Atendendo a pedidos, aqui está a continuação de Doce escuridão.Peço desculpas por demorar tanto para postá-la, mas uma mistura de garganta inflamada e bloqueio criativo me impossibilitaram de escrever. Mas o que importa é que acabei, e aqui está o fim... na verdade não é exatamente o fim, pois terei que dividir a continuação em duas partes. Sem mais rodeios, aqui prossegue a história de Kevin e Sophie, mas serão eles os mesmos que conhecemos?
Boa leitura.
LONGE, MUITO LONGE
Era uma vez, numa aldeia esquecida
pelo resto do mundo, um casal de irmãos. Seus nomes eram Kevin e Sophie. Eles
viviam felizes com seus pais e com toda a gente daquele lugar, até que, certo
dia, uma desgraça se abateu sabre eles.
Uma horda de bárbaros invadiu o
povoado na calada da noite. Saquearam e queimaram as casas, estupraram as
mulheres e mataram todos aqueles que se atreveram a lutar, inclusive o pai de
Kevin e Sophie. Da mãe deles não se sabia o paradeiro. Ela havia sido arrastada
pelos invasores para fora de casa, aos gritos. Os irmãos conseguiram fugir
esgueirando-se pelos fundos da casa e correndo pela estrada, encobertos pelo
manto de escuridão de uma noite sem luar. Caminharam durante dias e mais dias,
e, numa noite, quando haviam se convencido que já estevam relativamente
seguros, depararam-se com o acampamento dos saqueadores montado na floresta.
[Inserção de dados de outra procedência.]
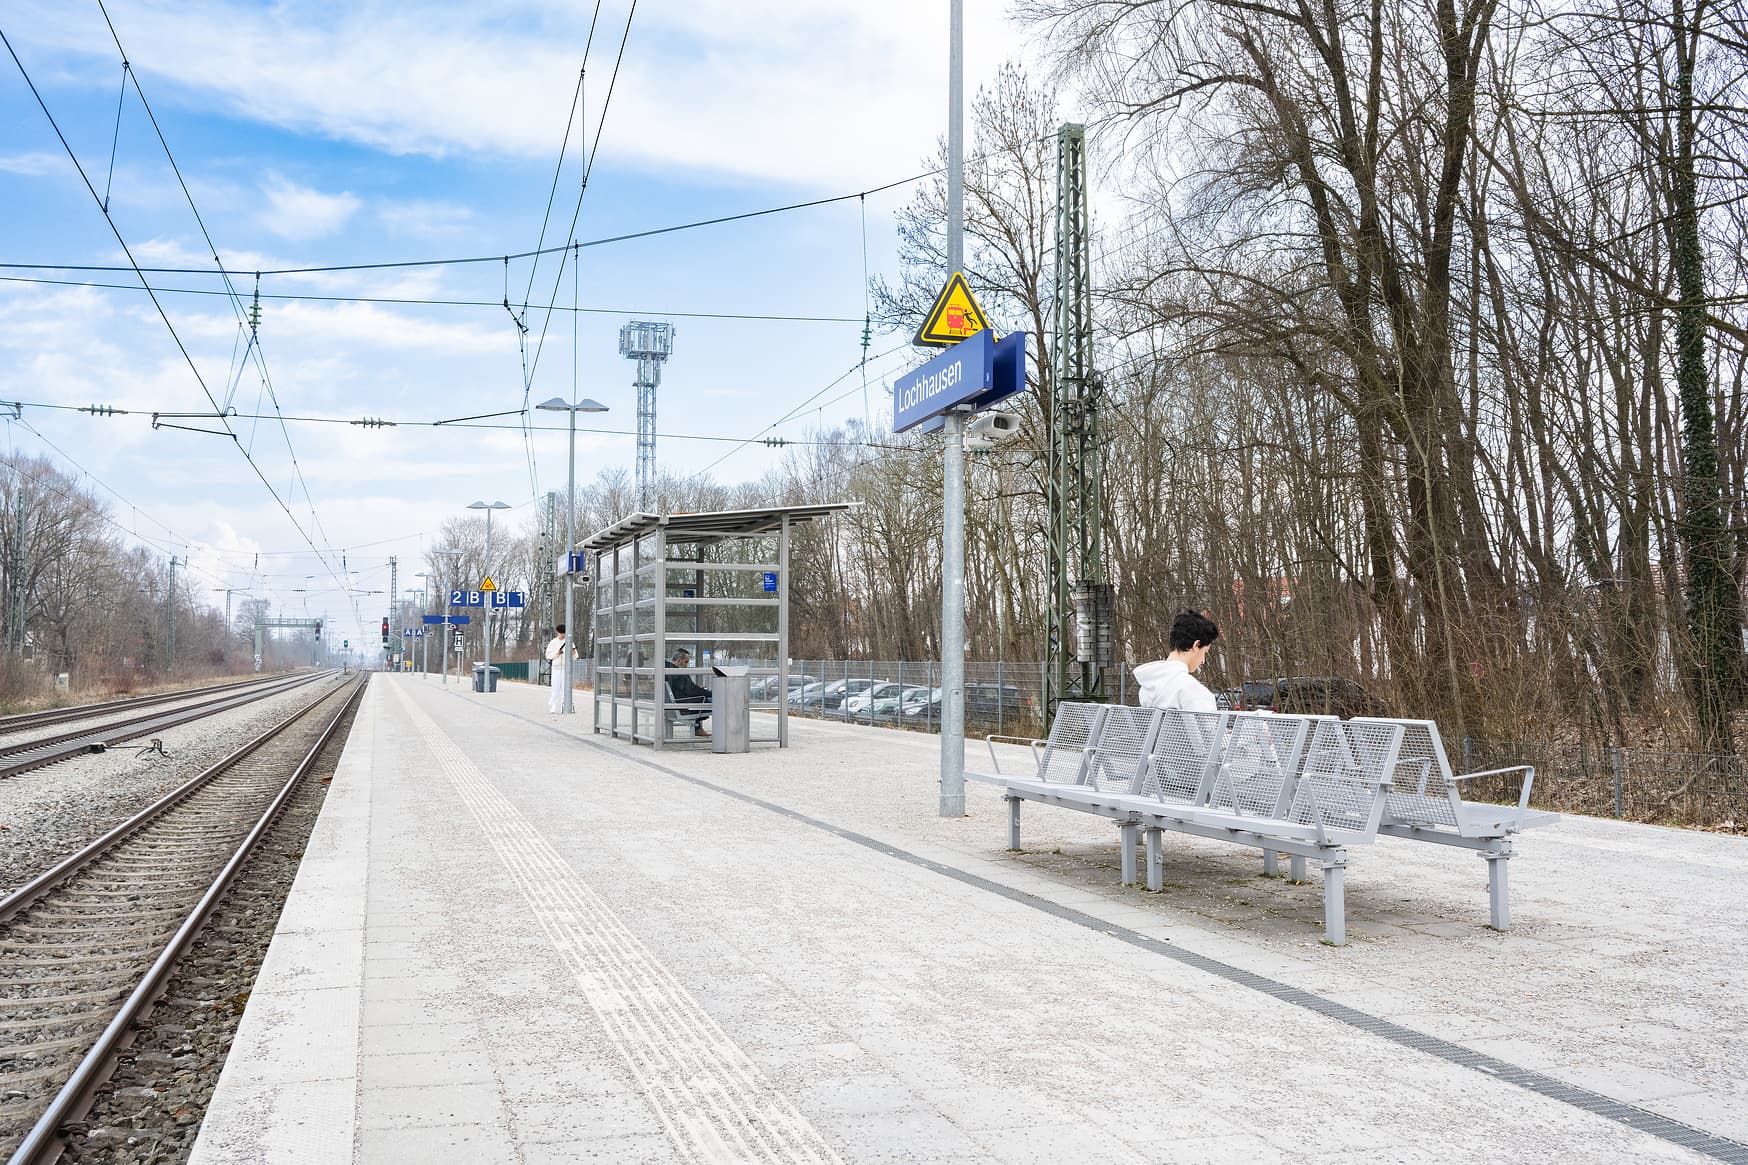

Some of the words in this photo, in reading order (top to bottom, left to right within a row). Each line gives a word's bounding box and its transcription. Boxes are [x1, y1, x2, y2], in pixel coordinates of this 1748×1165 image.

[898, 360, 962, 413] Lochhausen
[452, 591, 462, 604] 2
[470, 592, 480, 604] B
[496, 592, 506, 604] B
[517, 592, 524, 604] 1
[456, 636, 462, 645] H
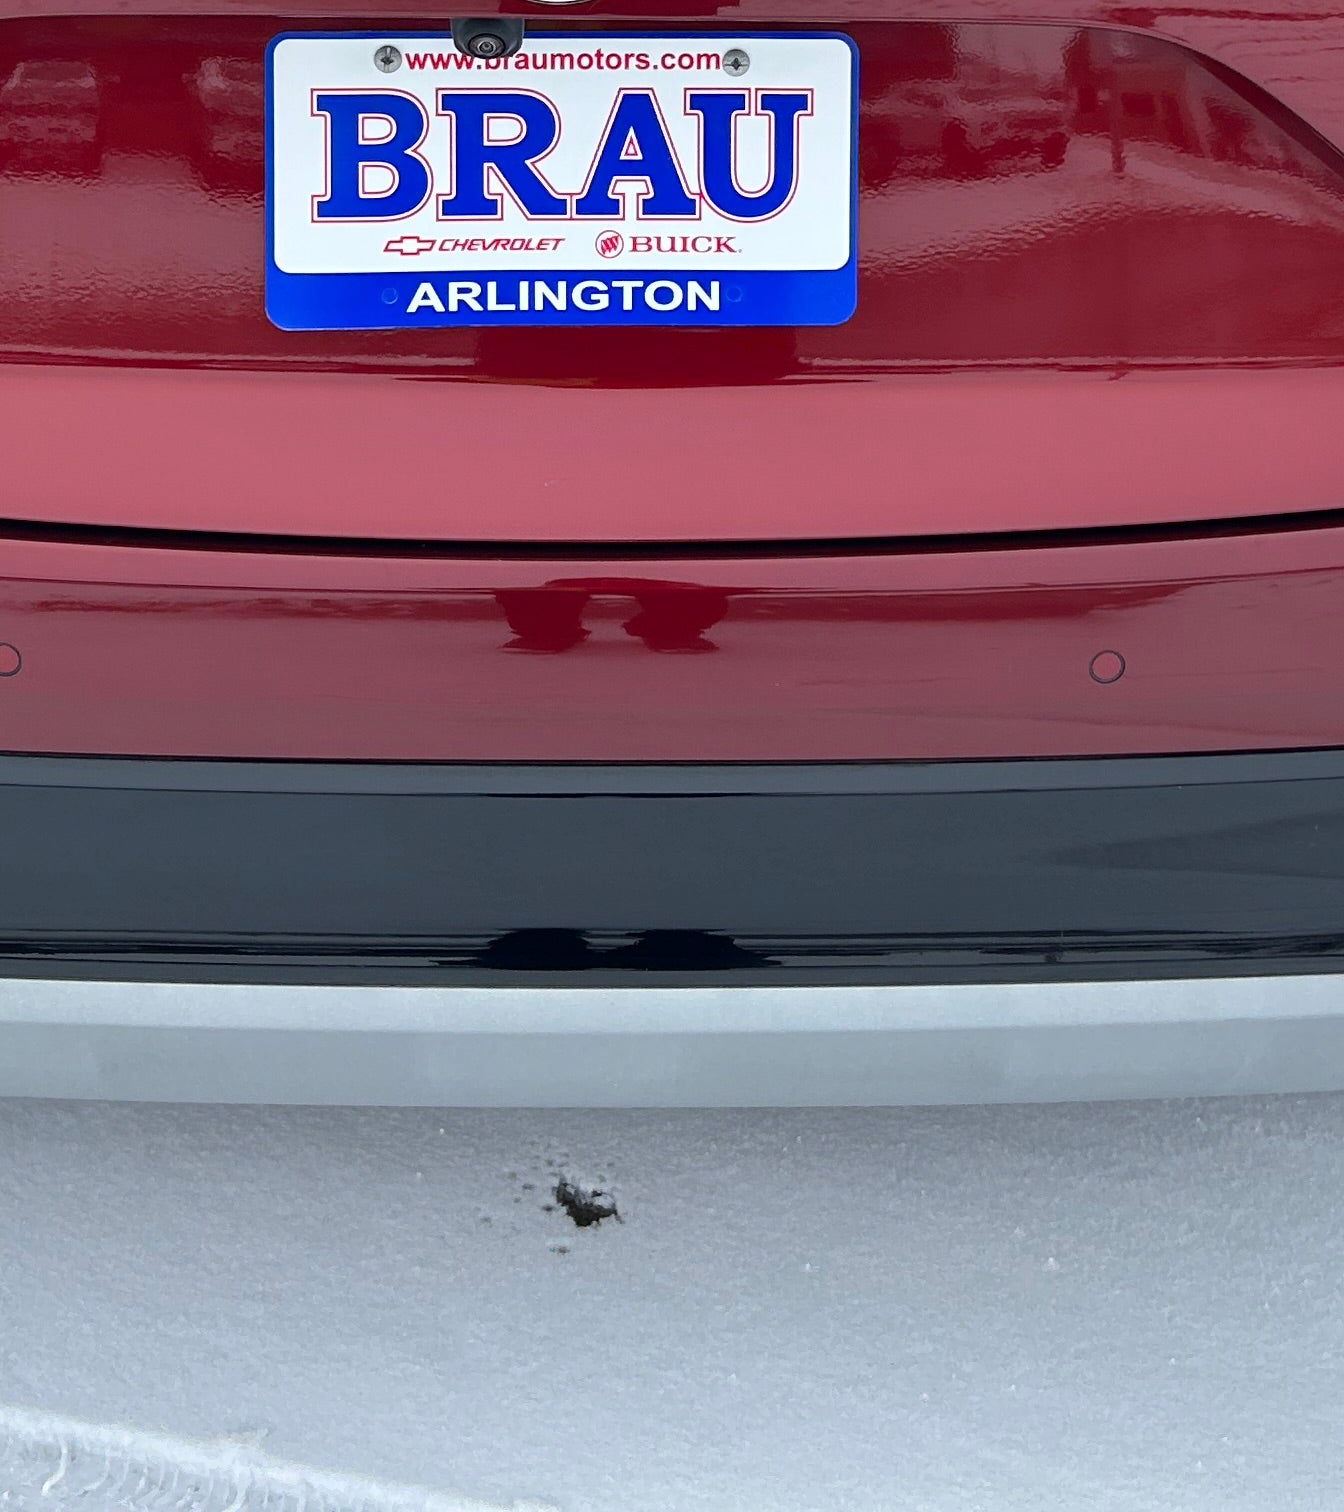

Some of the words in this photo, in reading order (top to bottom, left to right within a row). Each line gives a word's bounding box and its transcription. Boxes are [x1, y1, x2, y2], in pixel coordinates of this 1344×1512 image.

[310, 88, 814, 223] BRAU
[438, 237, 566, 252] CHEVROLET
[628, 235, 737, 254] BUICK
[406, 279, 721, 314] ARLINGTON
Eles fugiram desembestados, como se a própria morte estivesse caçando-os, esticando
suas frias mãos para arrasta-los para o vazio. Nesta desesperada fuga, foram
parar numa floresta assombrada, onde as árvores tinham vida e fome. Mesmo
lutando com todas as suas forças contra os galhos e raízes, eles acabaram sendo
subjugados. Quando tudo parecia estar perdido, uma mulher misteriosa apareceu e
livrou-os do abraço da morte, mas não por muito tempo. A estranha que os salvou
na verdade era uma bruxa com sede de sangue. Ela sequestrou Sophie e tentou
sugar a vida da pobre garota, mas Kevin chegou a tempo de impedir os planos da
bruxa de se concretizarem. Ele arrancou a cabeça dela com um machado, e
conseguiu salvar a irmã, mas a jornada deles não acabava aí... Eles deviam
encontrar sua mãe, e, caso ela ainda estivesse viva, libertá-la de seu
cativeiro, não importa o quão difícil isso fosse.
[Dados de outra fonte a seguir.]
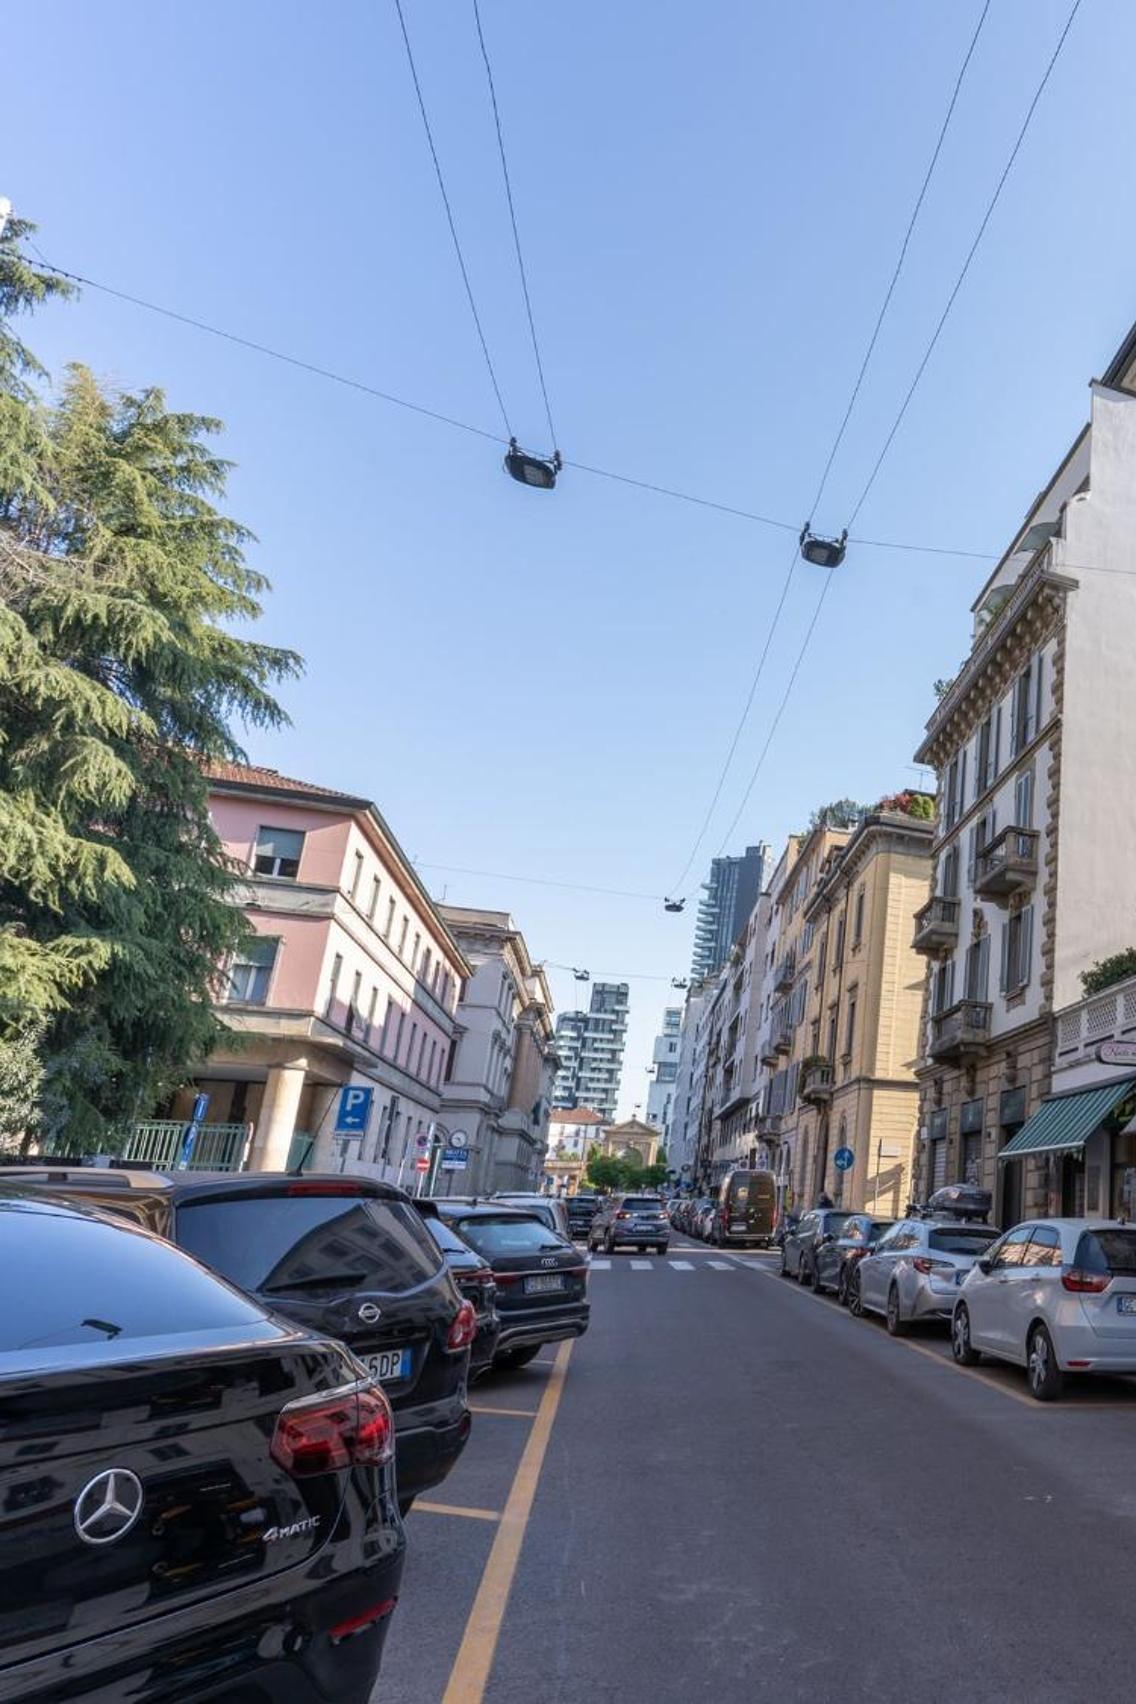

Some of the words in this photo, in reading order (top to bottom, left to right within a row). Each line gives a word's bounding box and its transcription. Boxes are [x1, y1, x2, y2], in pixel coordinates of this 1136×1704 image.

[346, 1089, 365, 1111] P
[361, 1352, 400, 1378] 6DP
[262, 1515, 320, 1542] 4MATIC
A estrada era sombria, e por mais
terríveis que fossem os demônios que eles encontrariam no caminho, o pior ainda
estava por vir.
●●●
— Chegou a hora — disse Kevin, deitado
de bruços na terra e olhando para o horizonte.
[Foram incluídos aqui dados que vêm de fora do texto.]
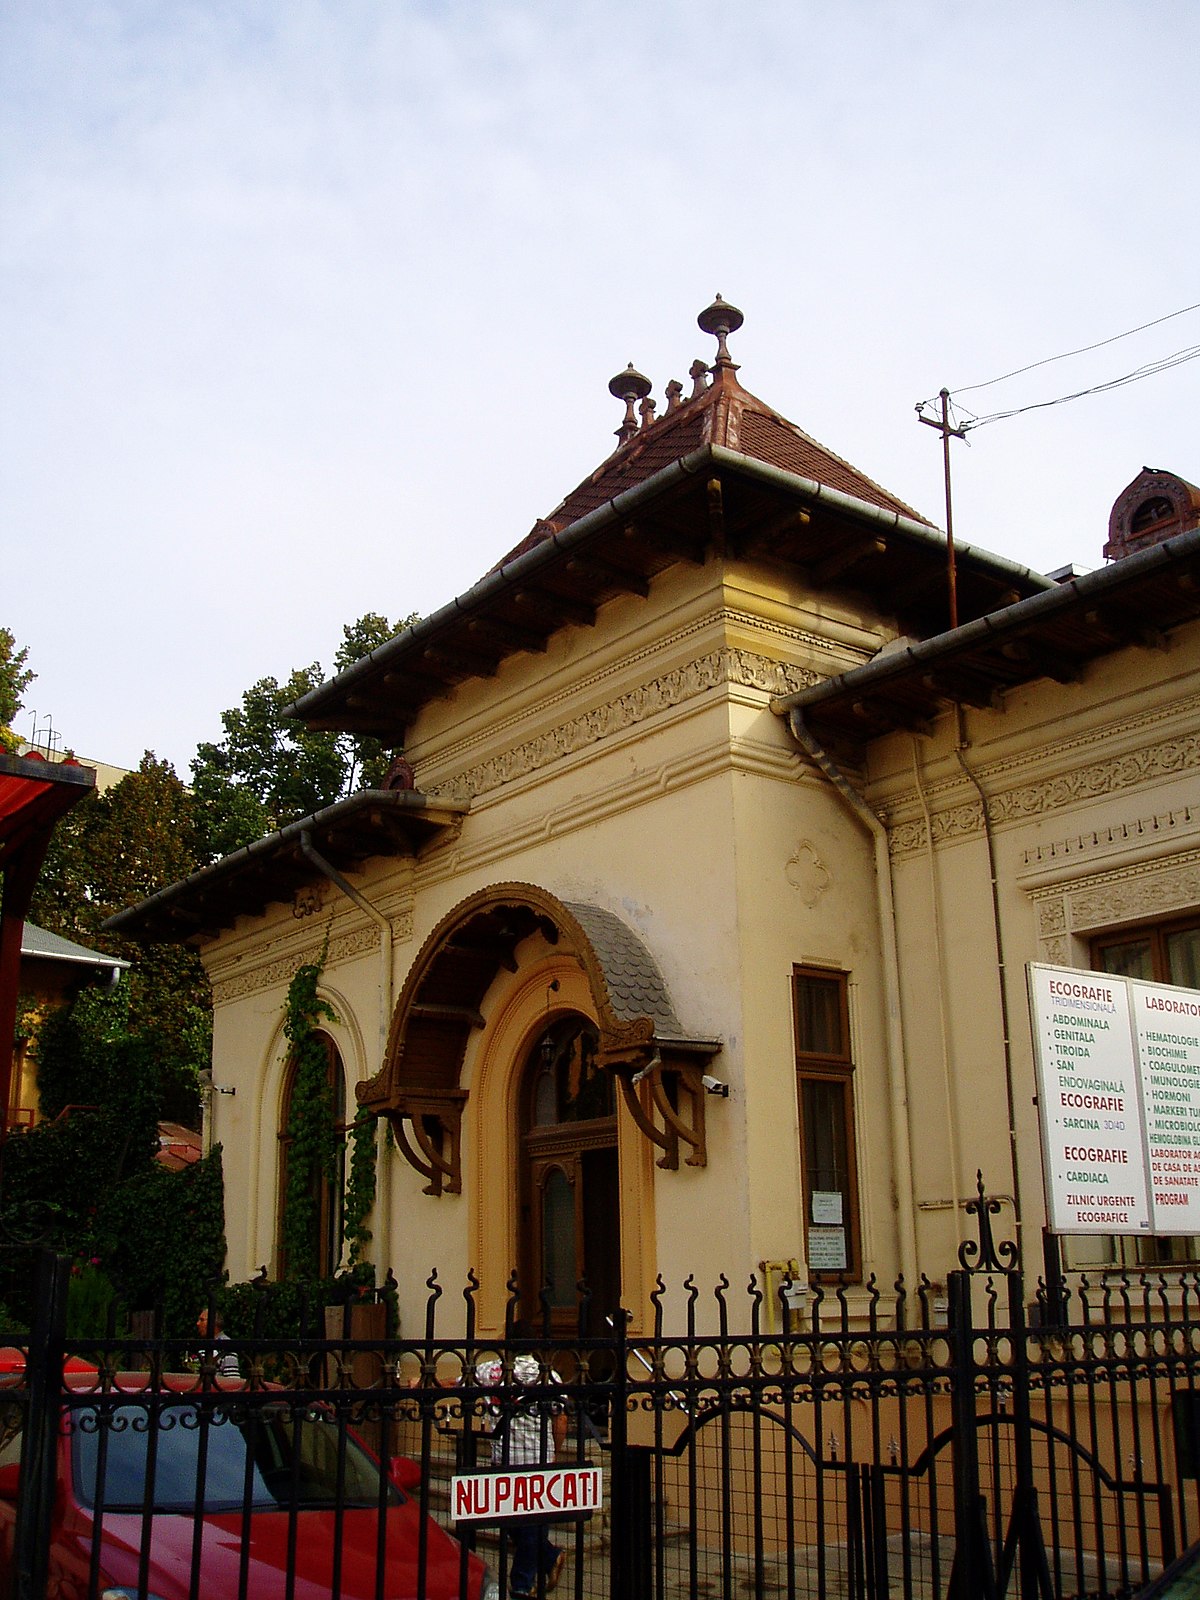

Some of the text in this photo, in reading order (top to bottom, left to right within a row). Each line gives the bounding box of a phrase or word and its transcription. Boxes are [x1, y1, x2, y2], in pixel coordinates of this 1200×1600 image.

[1049, 980, 1112, 1002] ECOGRAFIE
[1052, 1013, 1110, 1030] ABDOMINALA
[1054, 1029, 1095, 1043] GENITALA
[1146, 1031, 1199, 1047] HEMATOLOGIE
[1055, 1044, 1090, 1058] TIROIDA
[1147, 1046, 1187, 1059] BIOCHIMIE
[1056, 1060, 1075, 1071] SAN
[1150, 1075, 1200, 1089] IMUNOLOGIE
[1061, 1093, 1124, 1112] ECOGRAFIE
[1152, 1090, 1191, 1102] HORMONI
[1153, 1105, 1200, 1117] MARKERI TU
[1063, 1118, 1100, 1130] SARCINA
[1064, 1146, 1128, 1164] ECOGRAFIE
[1151, 1149, 1191, 1159] LABORATOR
[1152, 1162, 1161, 1172] DE
[1163, 1163, 1181, 1172] CASA
[1183, 1164, 1192, 1173] DE
[1067, 1171, 1109, 1184] CARDIACA
[1153, 1176, 1198, 1186] DE SANATATE
[1067, 1195, 1136, 1207] ZILNIC URGENTE
[1155, 1193, 1189, 1206] PROGRAM
[1077, 1212, 1128, 1223] ECOGRAFICE
[456, 1472, 598, 1516] NU PARCATI
Sophie levantou-se e foi para junto do
irmão, acompanhando-o em sua vigia. O dia estava nublado, e tudo parecia estar
coberto por uma fina película de cinzas. Kevin não deu atenção para a irmã
quando ela sentou-se do seu lado. Seus olhos continuaram voltados para longe,
muito longe...
— Você tem certeza? Não podemos
esperar mais um pouco? Quem sabe...
— Não, não podemos mais esperar —
cortou o irmão. — Há cinco anos nós procuramos por ela, e agora que finalmente
temos alguma chance de encontra-la, você quer “esperar mais um pouco”?
— Eu não... não foi isso... Me
desculpe. Você está certo. Quando iremos então? Vamos esperar anoitecer, ou...
— Agora.
Sophie não falou mais nada, apenas
lançou um último olhar para o castelo que estavam espionando. Uma ilha negra
num mar sem vida. Aquelas altas torres pareciam mãos com garras afiadas,
tentando arrancar os próprios deuses do céu e joga-los na terra. Há cinco anos
eles procuravam a mãe. Andaram por terras estranhas e sombrias; depararam-se
mais de uma vez com a crueldade dos bárbaros, e seguiram seu rastro de
destruição, mas nunca haviam conseguido nenhuma pista do paradeiro da mãe...
até agora. Ao que parecia, todos os
prisioneiros eram levados para aquele castelo, depois se decidia o que seria
feito deles. Com certeza haveria alguma pista, alguma resposta, entre aquelas
paredes, e eles precisavam entrar lá. Era muito arriscado, eles sabiam; mas
agora que haviam chegado tão longe, não podiam desistir.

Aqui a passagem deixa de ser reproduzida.